FOOTPRINTS IN THE SNOW

The Autobiography of a Chinese Buddhist Monk

by Sheng Yen

Pub Date: Oct. 21st, 2008
ISBN: 978-0-385-51330-2
Publisher: Doubleday

A monk’s tale of misery leading to freedom.

In straightforward prose, Sheng Yen (Orthodox Chinese Buddhism, 2007, etc.) relates his odyssey from hand-to-mouth childhood in 1930s China to lecturing around the world as a premier Chan (or Zen) Buddhist scholar. Becoming a monk was anything but simple for the author, who lived through a time when Buddhist monasteries in China were frequently destroyed. He weaves his personal story of religious yearning and perseverance into a backdrop of political and social turmoil. He was a 19-year-old monk in training when the communist takeover forced him to flee the idyllic life he’d only begun to cherish.
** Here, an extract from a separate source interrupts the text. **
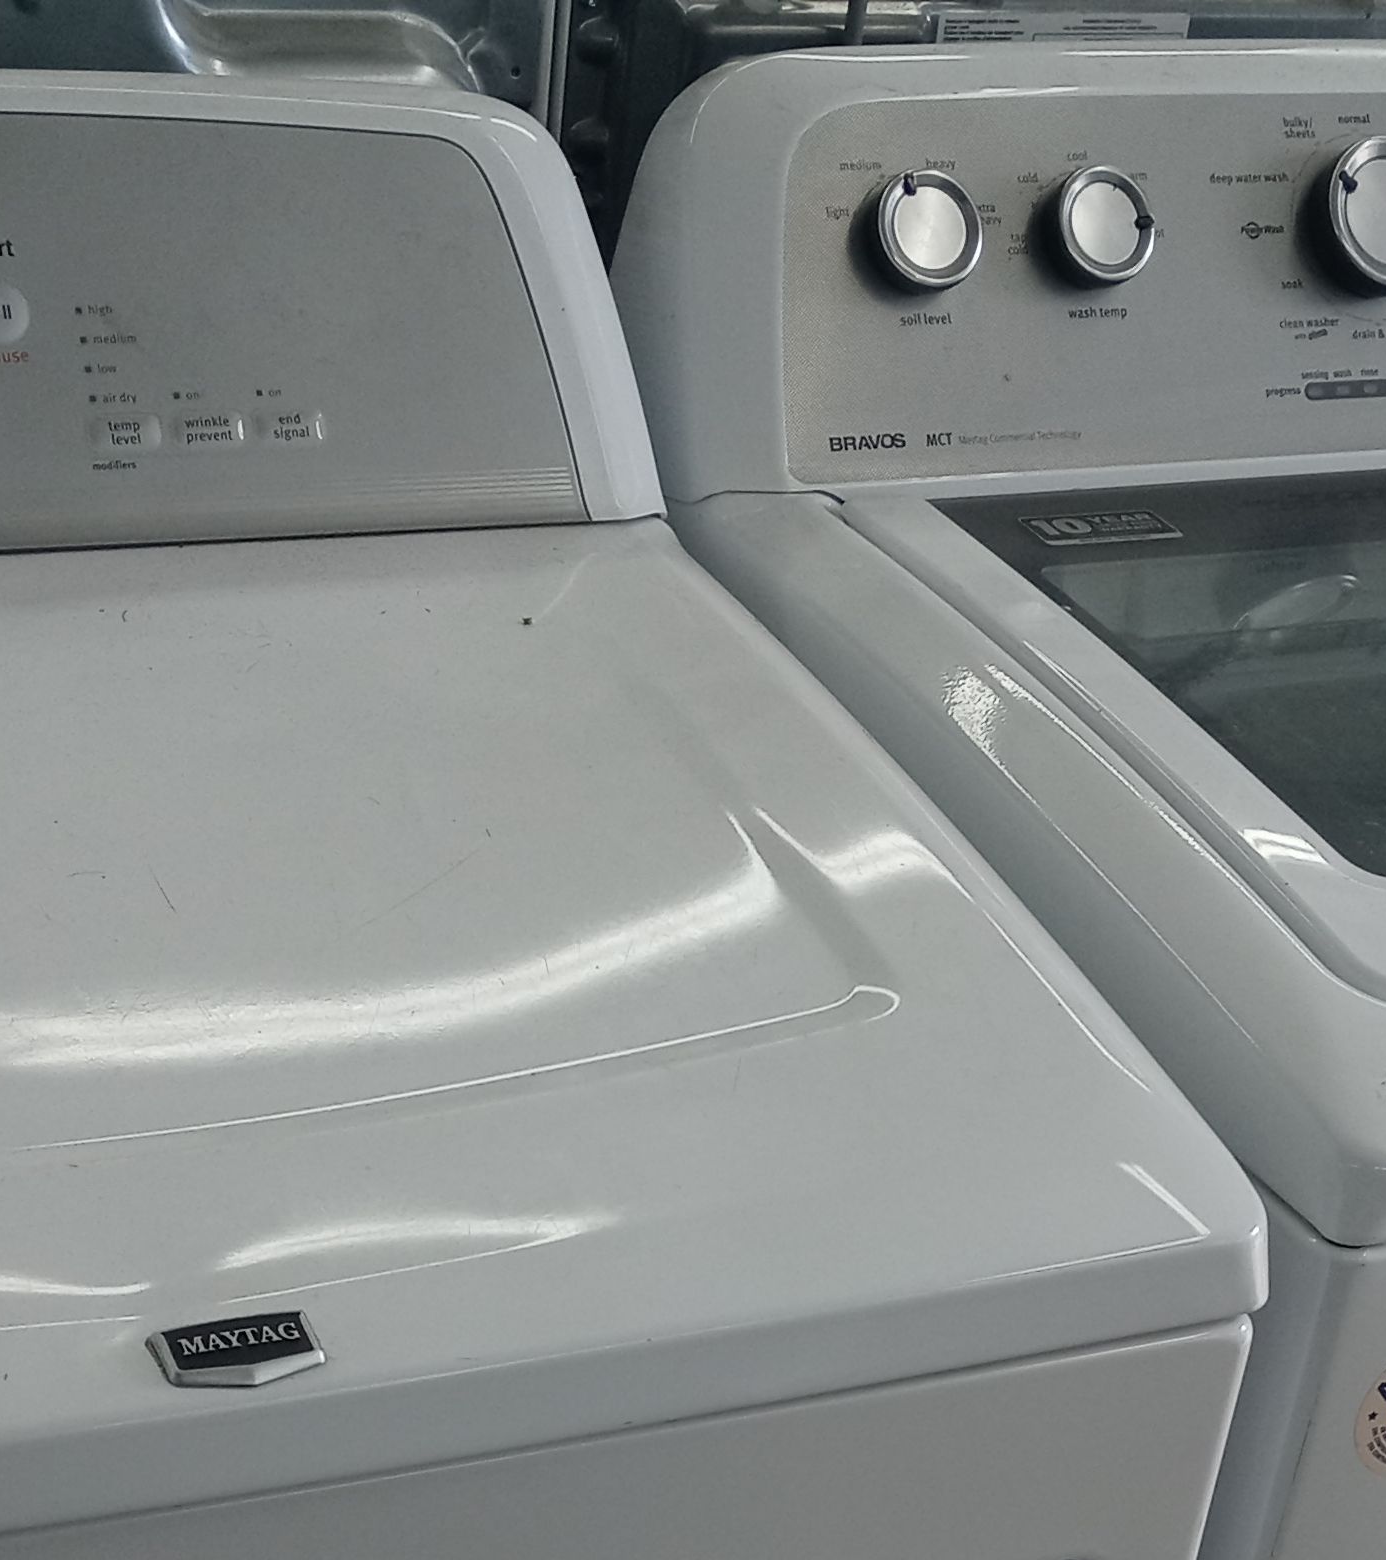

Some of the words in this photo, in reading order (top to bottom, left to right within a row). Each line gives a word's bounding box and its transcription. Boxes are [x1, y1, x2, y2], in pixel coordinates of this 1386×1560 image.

He landed in the nationalist army in Taiwan, an unlikely and ill-fitting job for a man who had pledged to avoid harming sentient beings. Nourished by his early training and the few Buddhist texts he could acquire, Sheng Yen began writing religious essays for an influential, necessarily underground Buddhist periodical called Humanity. He steadily built a reputation under the pen name “World-Awakening General.” After years of postponing his calling because of political circumstances, he finally made it out of the army in 1960 and entered a monastery to study Chan Buddhism under a particularly wily, demanding master. Once he learned to stop questioning the unpredictable and exasperating tasks his master assigned, he began a period of seclusion, finally gaining access to the copious library of Buddhist scholarship for which he had longed. His first-person account of China’s communist revolution focuses on practical details, favoring descriptions of meals, clothing and brief encounters over sweeping theoretical generalizations. Although the account unfolds in a charmingly unsophisticated way, its best audience would be those already knowledgeable about Buddhism and familiar with Sheng Yen’s work, for he spares little time explaining rituals and beliefs.

A moving, simple spiritual autobiography.